Einmal im Jahr soll die hartnäckigste Behörde oder das hartnäckigste Familiengericht mit dem Kindesunwohl-Preis ausgezeichnet werden. Gut im Rennen liegen zurzeit die Mönchengladbacher, denn die sorgen dafür, dass eine Elfjährige seit über vier Jahren in einem Kinderheim lebt und auch mit solchen Äußerungen kein Gehör findet: „Ich finde es doof, dass mich nicht jeder besuchen darf, der mich gern besuchen möchte.“

„Wo kämen wir denn hin, wenn solche Heimkinder wie Jessica Müller dabei bleiben, dass sie lieber wieder zuhause wären? Der Staat würde doch jede Kontrolle über die wichtigste Investition in die Zukunft verlieren“, unterstützt der potenzielle Vereinsvorsitzende das Jugendamt, das dermaßen idyllisch am Niederrhein herumliegt wie auch das Schloss Dilborn, das Jessica beherbergt, nicht schöner gelegen sein könnte.

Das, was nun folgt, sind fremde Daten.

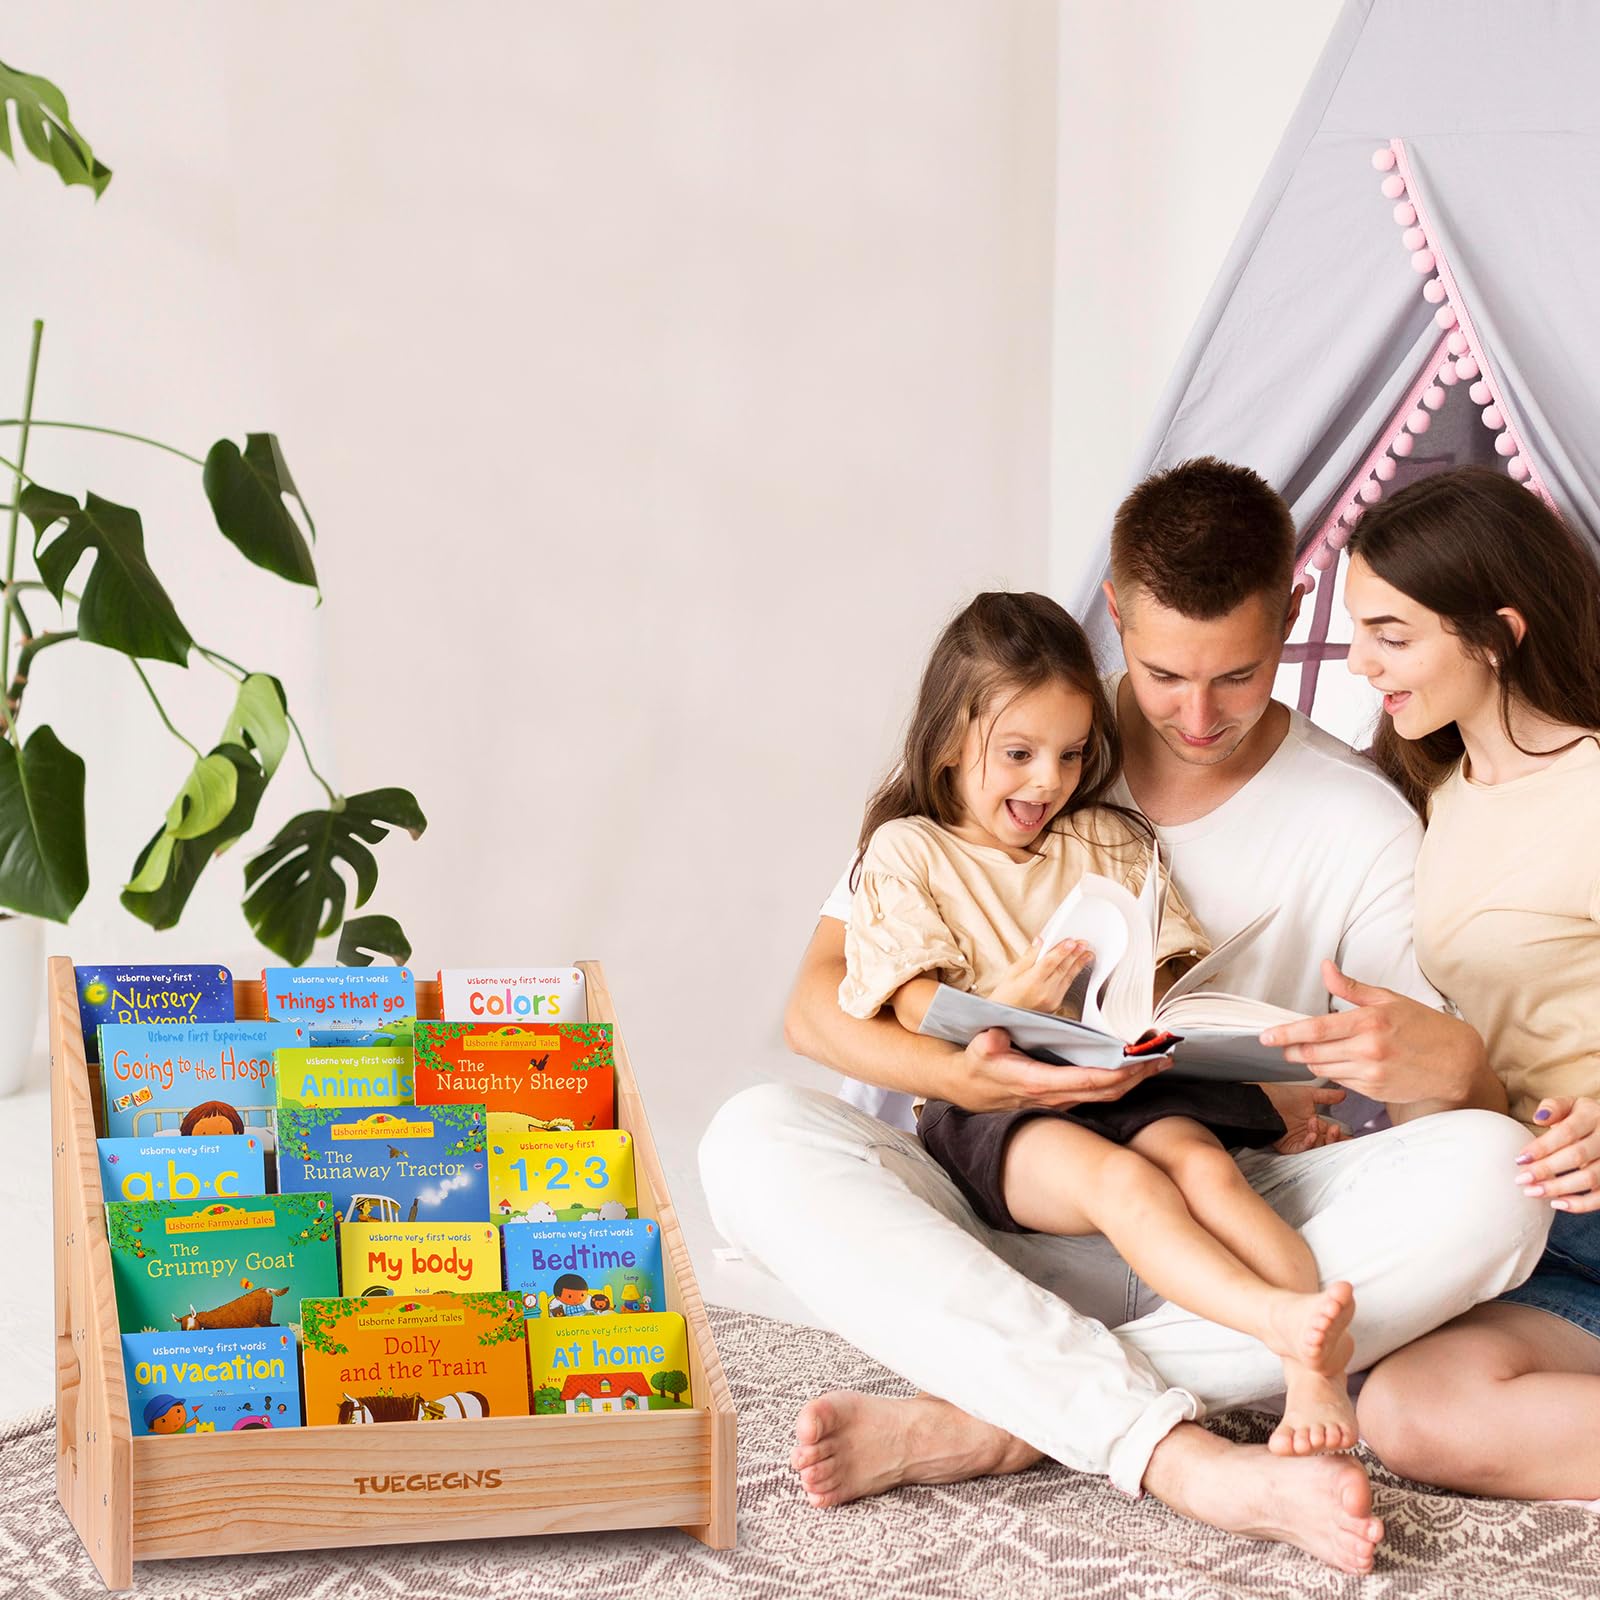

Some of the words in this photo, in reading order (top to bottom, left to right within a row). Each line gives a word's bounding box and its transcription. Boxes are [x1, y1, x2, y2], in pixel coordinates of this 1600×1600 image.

Allerdings sind die Kindesunwohl-Würfel noch lange nicht gefallen, zumal bis zum 31. Oktober 2009 auch noch andere Vorschläge gemacht werden können. Ernst zu nehmende Konkurrenz bekommen die Mönchengladbacher aus Stuttgart. Das dort beheimatete Jugendamt hat für eine inzwischen Einjährige Pflegeeltern gefunden. Nina entwickelt sich zwar nicht so, wie sich ein Mädchen in ihrem Alter entwickeln sollte, aber: „Das wird schon“ - sagt Heinz-Peter Tjaden.

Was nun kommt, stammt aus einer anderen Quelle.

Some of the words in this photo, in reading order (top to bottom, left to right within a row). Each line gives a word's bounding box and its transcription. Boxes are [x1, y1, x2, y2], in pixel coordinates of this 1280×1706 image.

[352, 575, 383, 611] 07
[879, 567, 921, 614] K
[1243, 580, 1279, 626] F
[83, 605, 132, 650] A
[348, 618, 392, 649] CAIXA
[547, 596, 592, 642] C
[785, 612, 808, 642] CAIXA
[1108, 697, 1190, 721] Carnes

Für die Entscheidung über den würdigsten Preisträger soll ein Punktesystem entwickelt werden. Der Redakteur aus Wilhelmshaven nennt ein Beispiel: Behörden, die auf Beschwerden von Eltern gar nicht reagieren, bekommen fünf Punkte, Behörden, die zwar antworten, aber alles ablehnen, bekommen vier Punkte, Behörden, die zwar antworten, aber nicht mehr als Besuchsrecht zulassen, bekommen drei Punkte, Behörden, die antworten und sogar eine Zeitlang mit dem Gedanken spielen, Kinder wieder zu ihren Eltern zu schicken, dies aber bleiben lassen, bekommen zwei Punkte, Behörden, die Kinder und Eltern wieder zusammenführen, bekommen einen Punkt.

Vereinsmitglied kann jede natürlich und juristische Person werden, die unbeirrt dabei bleibt: „Kindeswohl? Mit uns nicht!“

Mitgliederliste (Stand 5. Januar 2009, 12.20 Uhr)

Petra Litzenburger
Elterninitiative gegen Mobbing und Gewalt an Schulen (EMGS) e.V.